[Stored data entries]
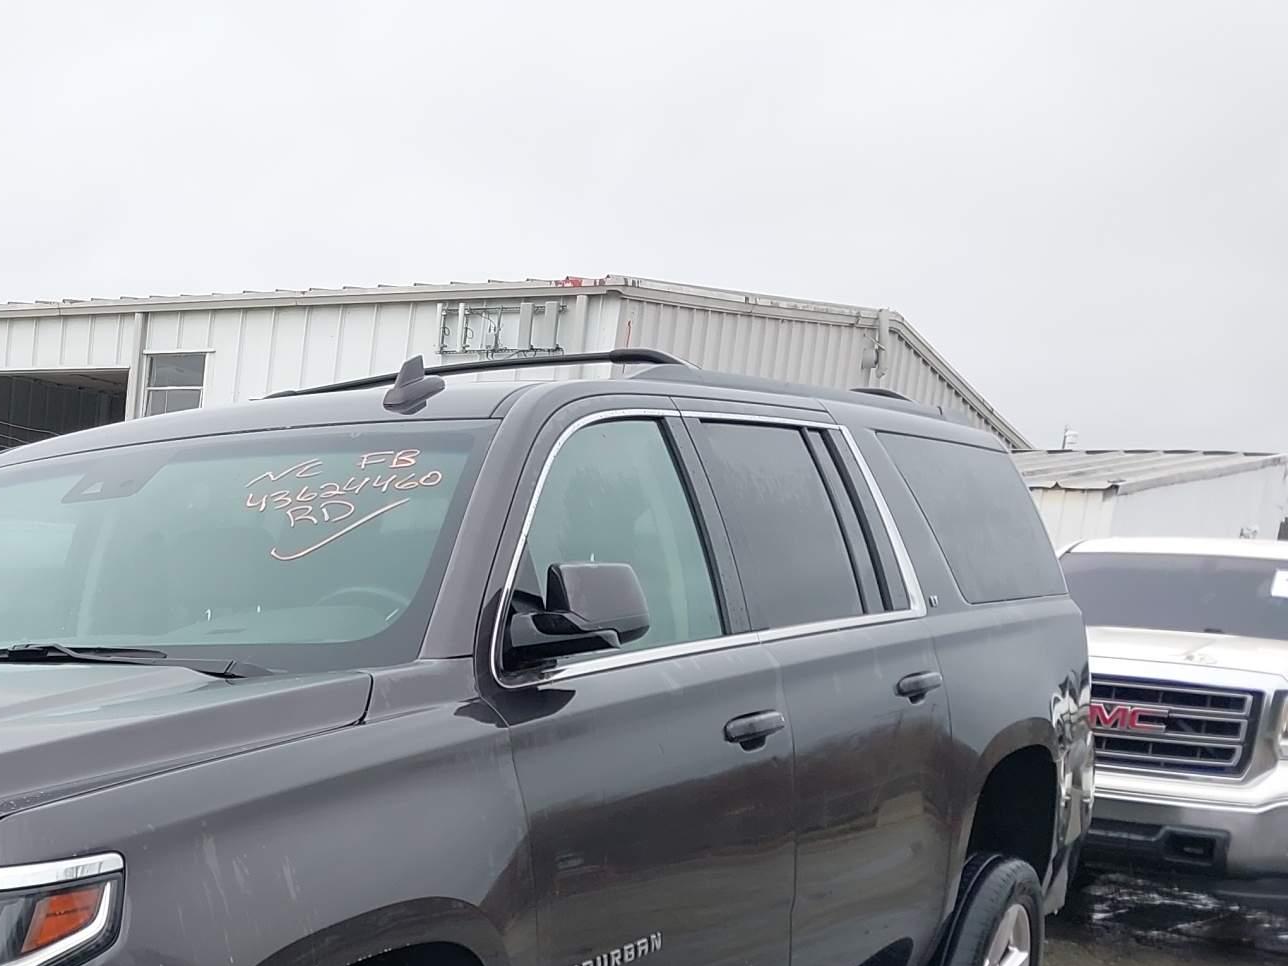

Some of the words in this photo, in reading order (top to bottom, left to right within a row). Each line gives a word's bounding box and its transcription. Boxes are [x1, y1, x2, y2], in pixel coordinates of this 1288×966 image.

[358, 449, 421, 469] FB
[245, 470, 443, 512] 43624460
[286, 499, 355, 527] RD
[1088, 703, 1168, 732] MC

EXERCISE DESCRIPTION
Without the pictures, reproduce every entry exactly as written.

EXERCISE RESULT
Some of the words in this photo, in reading order (top to bottom, left to right within a row). Each line gives a word's bounding box and its transcription. Boxes are [x1, y1, x2, y2], in pixel coordinates of this 1288×966 image.

[358, 449, 421, 469] FB
[245, 470, 443, 512] 43624460
[286, 499, 355, 527] RD
[1088, 703, 1168, 732] MC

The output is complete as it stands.